ECRI Institute unveils health IT hazard reporting system

The ECRI Institute Patient Safety Organization has created a health IT hazard reporting system incorporating Agency for Healthcare Research Quality (AHRQ) common formats and a tested, standardized taxonomy designed to make it easier to see trends.

The Health IT Hazard Manager was developed through a federally funded project led by Abt Associates with ECRI Institute and Geisinger Health System's Patient Safety Institute. The reporting system collects information about IT hazards via the Internet to create a central repository of data.

The taxonomy has been integrated into its event-reporting platform to help healthcare organizations track causes of health IT-related hazards and manage these risks before they contribute to errors or patient harm.

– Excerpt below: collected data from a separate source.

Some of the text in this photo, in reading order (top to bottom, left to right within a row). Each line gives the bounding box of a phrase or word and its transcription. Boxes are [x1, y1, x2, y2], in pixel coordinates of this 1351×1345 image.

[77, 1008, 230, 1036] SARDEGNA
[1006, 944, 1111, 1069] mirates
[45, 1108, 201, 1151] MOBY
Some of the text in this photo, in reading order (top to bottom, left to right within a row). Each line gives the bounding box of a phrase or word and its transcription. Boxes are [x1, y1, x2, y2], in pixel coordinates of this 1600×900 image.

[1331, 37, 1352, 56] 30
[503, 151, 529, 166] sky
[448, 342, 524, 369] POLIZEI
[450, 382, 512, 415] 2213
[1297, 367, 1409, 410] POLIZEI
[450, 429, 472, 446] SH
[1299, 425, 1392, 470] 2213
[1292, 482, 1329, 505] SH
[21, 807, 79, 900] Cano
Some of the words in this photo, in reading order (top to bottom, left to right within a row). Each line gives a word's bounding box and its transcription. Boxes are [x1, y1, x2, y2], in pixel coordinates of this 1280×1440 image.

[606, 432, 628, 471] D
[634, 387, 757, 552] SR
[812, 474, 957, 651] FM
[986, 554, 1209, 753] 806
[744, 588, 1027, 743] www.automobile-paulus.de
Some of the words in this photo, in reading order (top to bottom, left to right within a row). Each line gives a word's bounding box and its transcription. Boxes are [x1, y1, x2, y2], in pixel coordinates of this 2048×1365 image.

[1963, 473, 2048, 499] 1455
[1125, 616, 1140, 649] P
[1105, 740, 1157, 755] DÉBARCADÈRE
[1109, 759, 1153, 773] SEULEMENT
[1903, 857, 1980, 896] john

"It is important to understand the nature of health IT hazards, defined as any characteristic of health IT or its interactions with other systems--including humans--that increases the likelihood of compromised care-process and patient harm. It is equally important to correct health IT systems to reduce or avoid such risks," Karen P. Zimmer, ECRI Institute PSO medical director, says in an announcement.

In early 2013, the PSO focused on adverse events and near misses associated with the electronic health record and related technologies. The institute cited three information errors among in its most recent top 10 list of health technology hazards.

Indeed, researchers from Dartmouth College and the University of Pennsylvania, saying electronic records tend to create their own "reality," recently came up with 45 scenarios miscommunication involving not just EMRs, but also physician order entry systems, pharmacy technology and other systems.

After reading the U.S. Department of Health & Human Services' 50-page final health IT safety plan, FierceEMR's editor Marla Durben Hirsch expressed concern that it lets vendors off easy at the expense of providers. There's still no requirement that vendors report health IT-related adverse events, she notes, but relies on them to police themselves.